My point is that the program administrator and the clinical administrator must represent perspectives which are in a natural tension. It is the responsibility and ethic of a program administrator to manage a budget that is always resource poor and to deploy resourses an a way that brings the most good to the most people. Ideal, or even adequate care, for some individuals must, at times, be compromised. A clinician participating in administration has a different responsibility and a different ethic. A clinician comes from the perspective of looking at cases one by one. A clinician must be an advocate for the individual and push the point that each individual deserves respect and optimal care. A clinician is responsible for assuring that scientifically driven clinical wisdom is the basis for quality principles in delivering care. Science, as it applies to clinical care, doesn't easily lend itself to compromise. It is inevitable and healthy that discussions between program and clinically oriented members of an administrative team will embrace the natural tension between the individual and group perspective. Programmatic and clinical perspectives both deserve a voice. I believe it is the responsibility of the medical director to articulate the clinical perspective at the administrative table.

If we as medical directors take the opportunity to articulate clinical idealism on the administrative team, then what can we do to assure that the tension in the clinical/programmatic dialectic does not lead to conflict in our relationships with our directors? First, we should be in constant formal and informal discussions with our executives. We should be respectful of their burdens and be sensitive to what constraints they are under in the frequently harsh realities of our systems. We should become connoiseurs of administration, admiring and respectful of clever ways of running programs with tight budgets. We need to recognize our CEO's for making skillful moves in their difficult management dance. We should offer thoughtful suggestions when they seem to be failing to ballance program survival with the needs of the clientele. It is our job to create a climate where we can speak to the ideals of respect for individual patient needs and state of the art clinical quality. Yet it is our job to handle sometimes harsh realities and support necessary tough decisions while keeping the ideals alive. It is sometimes our duty to assure that our CEO's keep in mind that reality based decisions are not going to enhance quality clinically. Such a recognition may often demand that some energy from the administration be expended advocating for improved funding or rule changes in our sponsoring entities so as to restore quality. We may at times not be appreciated for these reminders. We are vulnerable for being discounted as hopeless idealists. But there isn't a one of the CEO's I know in our system who doesn't have the idealist embedded deep within them. If we skillfully draw that out of our executives, and enable them to feel better about their work role, we will be admired. Good clinical imput into administrative decision making should assure that the utmost is done to manage resourses so as to create for our patients the most humane, client centered, family oriented, culturally competent and quality oriented service feasable.

I hope this clarifies my position which I assume is not that different than yours.
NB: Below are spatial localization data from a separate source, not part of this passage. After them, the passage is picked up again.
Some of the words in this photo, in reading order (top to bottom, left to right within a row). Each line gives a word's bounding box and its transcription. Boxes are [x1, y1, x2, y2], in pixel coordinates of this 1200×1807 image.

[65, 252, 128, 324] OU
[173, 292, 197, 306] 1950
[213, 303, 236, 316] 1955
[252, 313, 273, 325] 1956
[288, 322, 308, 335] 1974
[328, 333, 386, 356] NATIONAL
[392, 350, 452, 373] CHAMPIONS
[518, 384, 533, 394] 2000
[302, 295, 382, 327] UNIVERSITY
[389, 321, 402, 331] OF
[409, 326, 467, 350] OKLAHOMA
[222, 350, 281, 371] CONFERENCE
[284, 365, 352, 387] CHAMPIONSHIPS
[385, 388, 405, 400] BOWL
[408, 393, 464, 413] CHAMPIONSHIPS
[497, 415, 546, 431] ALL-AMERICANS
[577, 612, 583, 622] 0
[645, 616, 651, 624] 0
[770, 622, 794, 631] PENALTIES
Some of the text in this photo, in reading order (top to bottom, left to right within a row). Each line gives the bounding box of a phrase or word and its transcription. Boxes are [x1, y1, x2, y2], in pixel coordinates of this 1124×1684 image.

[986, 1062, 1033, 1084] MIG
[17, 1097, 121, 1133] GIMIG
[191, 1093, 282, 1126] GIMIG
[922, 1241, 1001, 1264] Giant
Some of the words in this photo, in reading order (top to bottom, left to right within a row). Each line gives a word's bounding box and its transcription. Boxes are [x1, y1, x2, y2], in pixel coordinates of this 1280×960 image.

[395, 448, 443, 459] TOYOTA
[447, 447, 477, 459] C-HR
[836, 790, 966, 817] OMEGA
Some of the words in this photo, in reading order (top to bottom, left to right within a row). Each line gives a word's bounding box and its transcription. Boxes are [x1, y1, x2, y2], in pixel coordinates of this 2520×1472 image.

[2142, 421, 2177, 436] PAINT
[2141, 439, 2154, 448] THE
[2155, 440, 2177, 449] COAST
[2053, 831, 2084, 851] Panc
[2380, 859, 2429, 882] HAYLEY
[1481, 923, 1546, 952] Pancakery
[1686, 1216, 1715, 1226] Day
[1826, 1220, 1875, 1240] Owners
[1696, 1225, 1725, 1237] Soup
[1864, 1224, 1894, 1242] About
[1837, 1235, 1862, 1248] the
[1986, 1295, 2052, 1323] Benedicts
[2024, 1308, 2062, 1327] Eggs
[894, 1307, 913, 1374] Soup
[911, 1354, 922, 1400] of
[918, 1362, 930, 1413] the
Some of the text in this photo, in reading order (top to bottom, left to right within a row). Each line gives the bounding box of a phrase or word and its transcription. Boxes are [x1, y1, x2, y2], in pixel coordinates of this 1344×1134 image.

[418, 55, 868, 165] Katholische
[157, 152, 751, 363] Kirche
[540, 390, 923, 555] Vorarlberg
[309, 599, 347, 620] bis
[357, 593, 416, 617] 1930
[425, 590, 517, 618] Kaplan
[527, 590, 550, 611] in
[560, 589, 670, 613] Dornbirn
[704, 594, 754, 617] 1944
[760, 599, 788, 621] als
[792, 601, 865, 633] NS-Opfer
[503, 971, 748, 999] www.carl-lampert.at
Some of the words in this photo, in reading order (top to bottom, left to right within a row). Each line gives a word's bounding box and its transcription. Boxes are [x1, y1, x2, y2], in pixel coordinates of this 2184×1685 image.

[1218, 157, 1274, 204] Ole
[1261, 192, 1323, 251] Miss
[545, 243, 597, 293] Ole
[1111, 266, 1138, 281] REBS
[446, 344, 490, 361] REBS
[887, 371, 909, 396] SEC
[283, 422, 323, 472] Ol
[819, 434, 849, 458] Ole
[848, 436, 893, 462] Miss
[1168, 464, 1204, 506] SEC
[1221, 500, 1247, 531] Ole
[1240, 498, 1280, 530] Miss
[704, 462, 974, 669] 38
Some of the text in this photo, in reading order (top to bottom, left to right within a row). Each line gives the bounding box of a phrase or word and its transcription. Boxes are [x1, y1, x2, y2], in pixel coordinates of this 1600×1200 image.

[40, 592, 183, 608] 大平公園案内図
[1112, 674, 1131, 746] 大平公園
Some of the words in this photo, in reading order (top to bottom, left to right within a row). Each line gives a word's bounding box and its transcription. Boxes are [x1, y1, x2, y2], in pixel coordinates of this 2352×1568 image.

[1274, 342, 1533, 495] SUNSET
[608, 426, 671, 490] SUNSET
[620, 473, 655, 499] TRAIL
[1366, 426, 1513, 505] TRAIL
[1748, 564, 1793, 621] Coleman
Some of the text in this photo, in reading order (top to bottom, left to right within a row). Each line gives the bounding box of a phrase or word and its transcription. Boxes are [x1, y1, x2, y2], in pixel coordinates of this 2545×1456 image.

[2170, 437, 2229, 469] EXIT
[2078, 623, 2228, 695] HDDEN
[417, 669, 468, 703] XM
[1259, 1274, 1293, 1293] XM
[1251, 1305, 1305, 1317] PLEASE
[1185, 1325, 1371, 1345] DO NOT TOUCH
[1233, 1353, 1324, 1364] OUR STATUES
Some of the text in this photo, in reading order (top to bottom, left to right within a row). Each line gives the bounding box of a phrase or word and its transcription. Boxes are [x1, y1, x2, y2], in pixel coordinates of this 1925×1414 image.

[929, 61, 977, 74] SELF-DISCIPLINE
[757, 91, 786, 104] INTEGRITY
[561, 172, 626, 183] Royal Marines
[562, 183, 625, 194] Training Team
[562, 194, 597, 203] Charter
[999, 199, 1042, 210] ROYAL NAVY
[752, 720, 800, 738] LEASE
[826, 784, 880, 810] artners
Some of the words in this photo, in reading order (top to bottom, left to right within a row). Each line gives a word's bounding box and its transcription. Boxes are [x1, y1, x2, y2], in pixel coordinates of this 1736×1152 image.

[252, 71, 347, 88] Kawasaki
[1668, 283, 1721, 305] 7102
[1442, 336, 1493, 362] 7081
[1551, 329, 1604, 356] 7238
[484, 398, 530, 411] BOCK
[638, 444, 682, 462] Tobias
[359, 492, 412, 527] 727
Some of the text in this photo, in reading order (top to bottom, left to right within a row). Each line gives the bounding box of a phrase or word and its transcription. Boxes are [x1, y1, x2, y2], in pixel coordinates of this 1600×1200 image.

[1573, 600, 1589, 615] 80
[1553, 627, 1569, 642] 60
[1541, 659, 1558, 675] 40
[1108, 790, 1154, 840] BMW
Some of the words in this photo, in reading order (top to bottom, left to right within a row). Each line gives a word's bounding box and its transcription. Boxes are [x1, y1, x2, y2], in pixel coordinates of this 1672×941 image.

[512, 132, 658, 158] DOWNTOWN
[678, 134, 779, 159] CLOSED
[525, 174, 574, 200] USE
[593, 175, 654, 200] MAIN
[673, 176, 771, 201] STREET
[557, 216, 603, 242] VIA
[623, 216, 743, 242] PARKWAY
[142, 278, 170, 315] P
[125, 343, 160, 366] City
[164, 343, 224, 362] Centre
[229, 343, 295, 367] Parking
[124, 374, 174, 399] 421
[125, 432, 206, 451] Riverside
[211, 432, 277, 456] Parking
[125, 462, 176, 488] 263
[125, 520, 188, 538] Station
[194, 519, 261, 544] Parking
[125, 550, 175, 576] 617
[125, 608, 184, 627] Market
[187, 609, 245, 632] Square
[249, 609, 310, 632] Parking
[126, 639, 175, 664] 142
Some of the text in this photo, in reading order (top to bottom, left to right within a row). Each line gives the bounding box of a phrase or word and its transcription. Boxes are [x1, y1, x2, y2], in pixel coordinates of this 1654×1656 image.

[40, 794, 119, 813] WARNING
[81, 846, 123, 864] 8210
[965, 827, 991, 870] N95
As we have encountered some confusion and faltering in the discussion of medical direction in our system I would like to propose that these understandings and principles form the basis of our suggestions regarding our roles with our executive directors. Clearly our system needs to clarify and enhance the role of medical direction in our system. This will be good for everyone; the psychiatrists, our program administrators at all levels and, most important, our patients.